Florida-Based Olympian Speaks To Sealey Elementary School Kids
Students at Sealey Elementary school are being encouraged to “Go For the Gold” this year as the school kicks off its annual reading campaign. More than 200 students packed the cafeteria-turned -auditorium of Sealey Elementary School Monday to hear LeVonne Idlette—a student at the Florida A&M University College of Law who competed in the 100 meter hurdles during the 2012 Olympic games in London.
“When I talk to older kids I usually say, everything comes down to what you want and what your goals are. You have to make a schedule and stick to it—even if you have to do it without sleep.”

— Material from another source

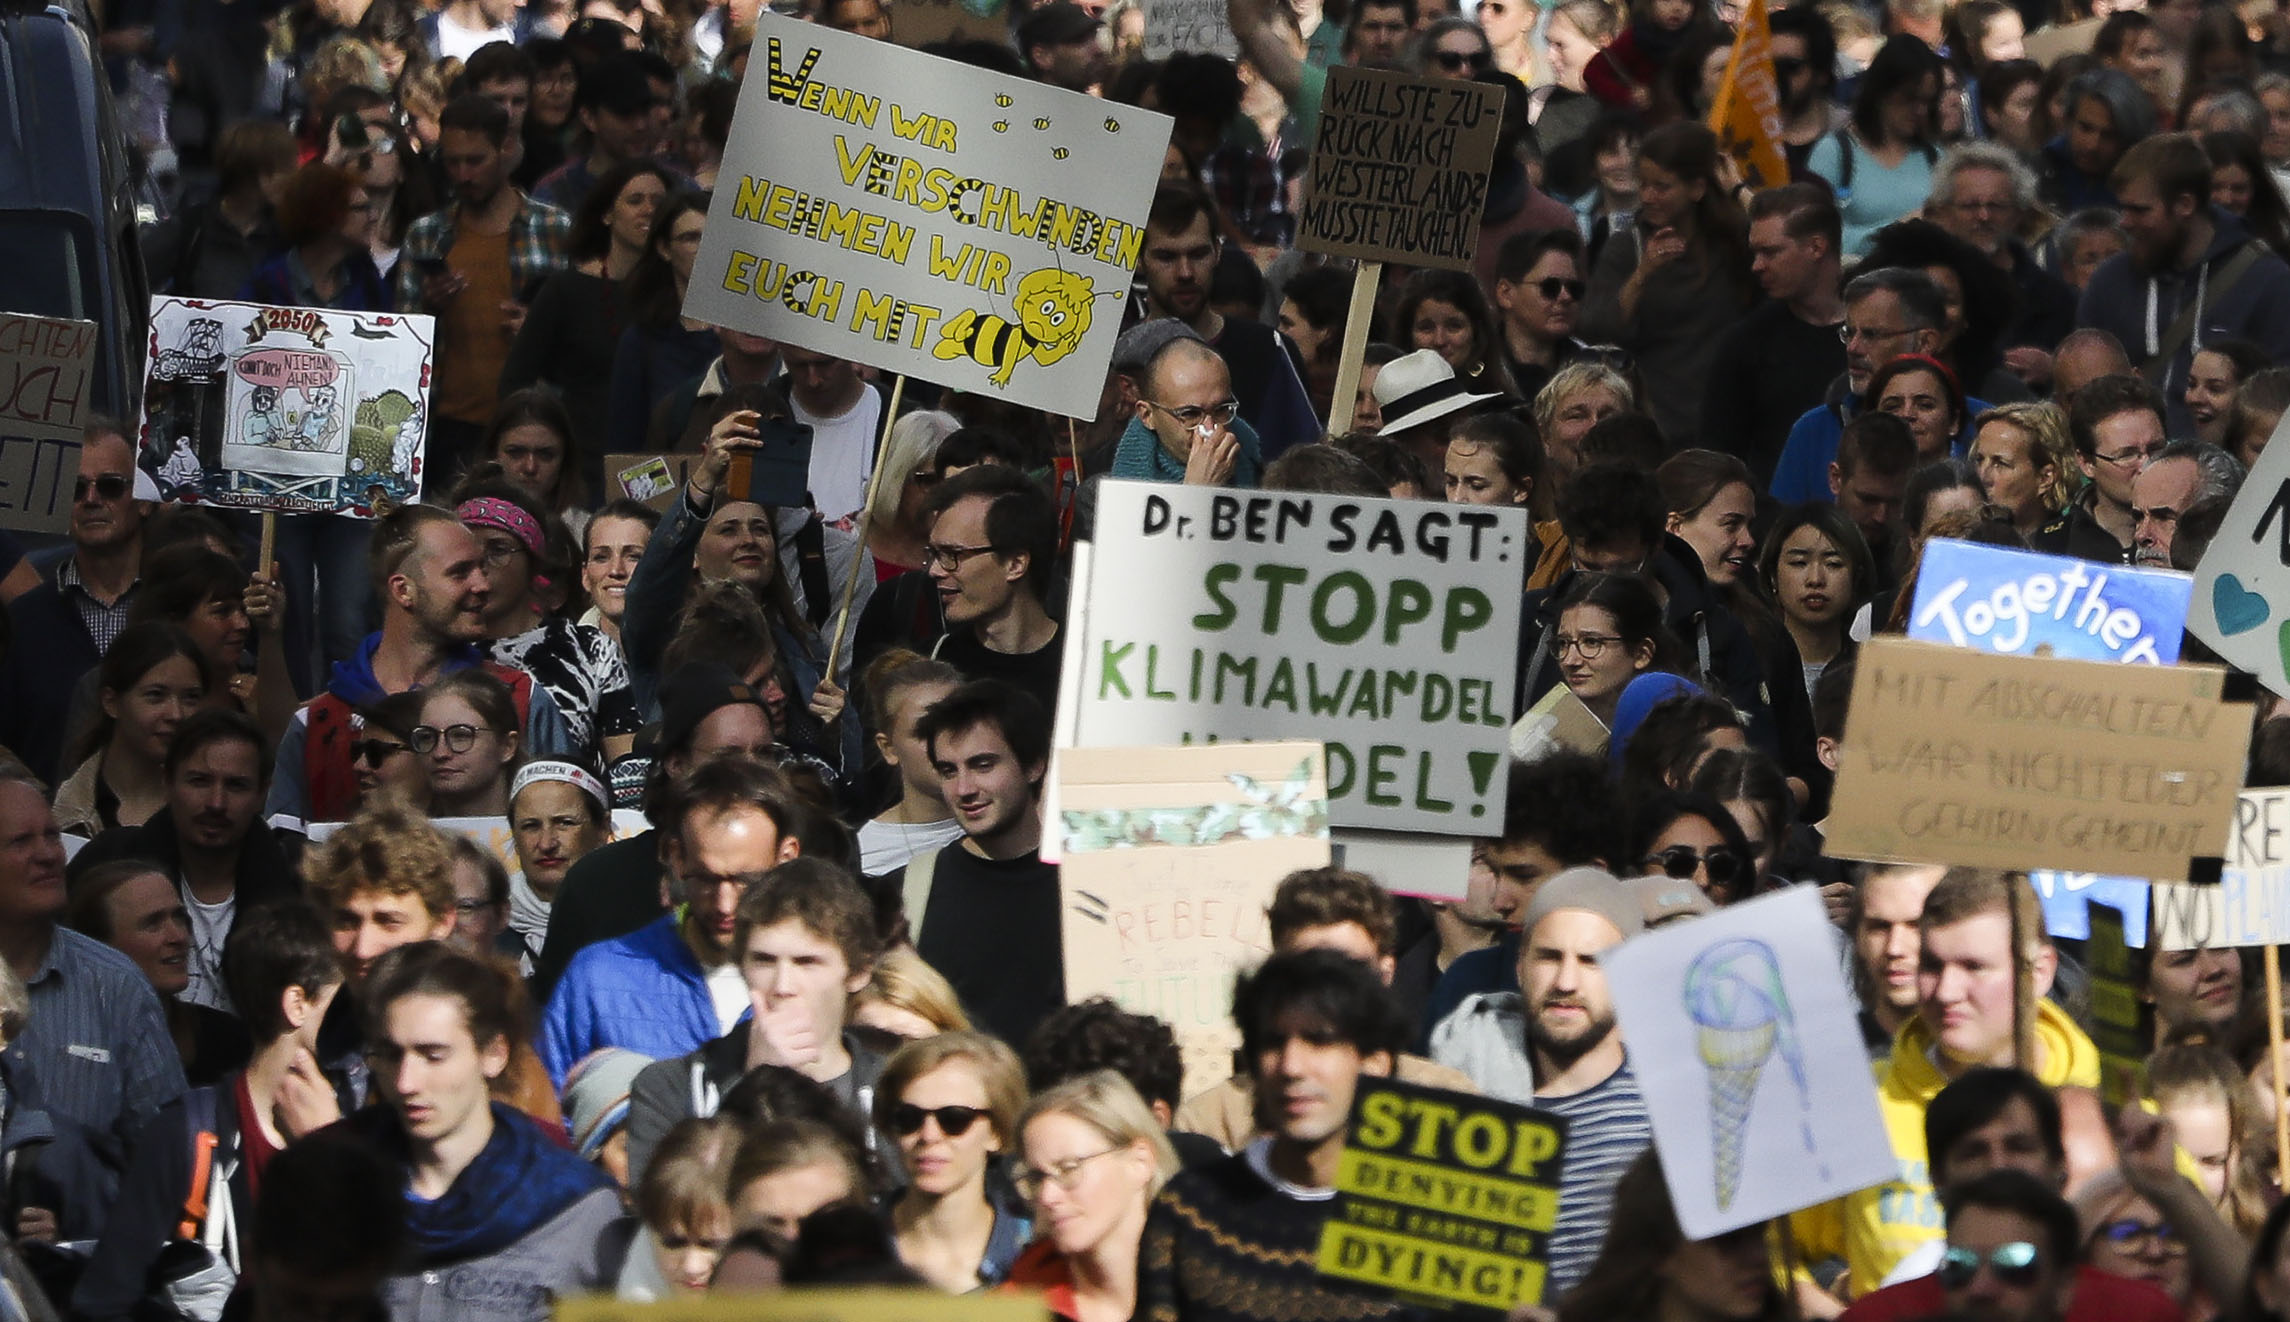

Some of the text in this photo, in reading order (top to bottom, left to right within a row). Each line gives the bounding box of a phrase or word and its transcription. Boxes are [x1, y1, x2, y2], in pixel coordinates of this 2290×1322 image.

For Idlette, a dual Citizen of the U.S. and the Dominican Republic, that goal was getting to the Olympics. And that meant waking up at 6 am in the morning, studying, and then having breakfast, only to be at practice at 9 am, Lifting weights at noon, and by 3 pm enduring a physical Rehabilitation session. After that, its on to night classes at FAMU's College of Law in Orlando, from 6-9 pm.
“Then I study for the rest of the evening and do paperwork for the business,” she laughs.
Idlette, who also owns and runs a small hair salon, ran for the Dominican Republic in the Olympics. And, while she didn’t snag any medals this time around, she’s got her sights set on Rio De Janerio—the site of the 2016 Olympic games.
“Right now I’m training for Moscow 2013, which is world championships. But I’m also training for the next Olympic cycle. Four years is a long time. So it’s going to take staying healthy, staying focus, and lots and lots of hard work.”
Idlette was a part of Sealey Elementary School’s “Accelerated Reader” kick-off event, to encourage kids to read. The Accelerated Reader Program has been in public schools across the country for nearly two decades, and is a computer-based software program that quizzes kids on books they’ve read and helps teachers monitor students’ progress. Sealey is one of many public schools around the state that participate in the program, and Leon County Superintendent Jackie Pons says, he’s a fan.
“What we want to do is teach our kids to love to read and if you look at those who are good readers, they have a passion for reading,” Pons said.
Florida education officials are putting their focus on reading after results from this year’s Florida Comprehensive Assessment test showed a significant drop in reading scores. The state raised its requirements and the drop off wasn’t unexpected. Pons, who was also recognized as “Sealey Superstar” for having attended the school when he was a child, says one of the best things parents can do for their children, is to give them reading material that they like to read.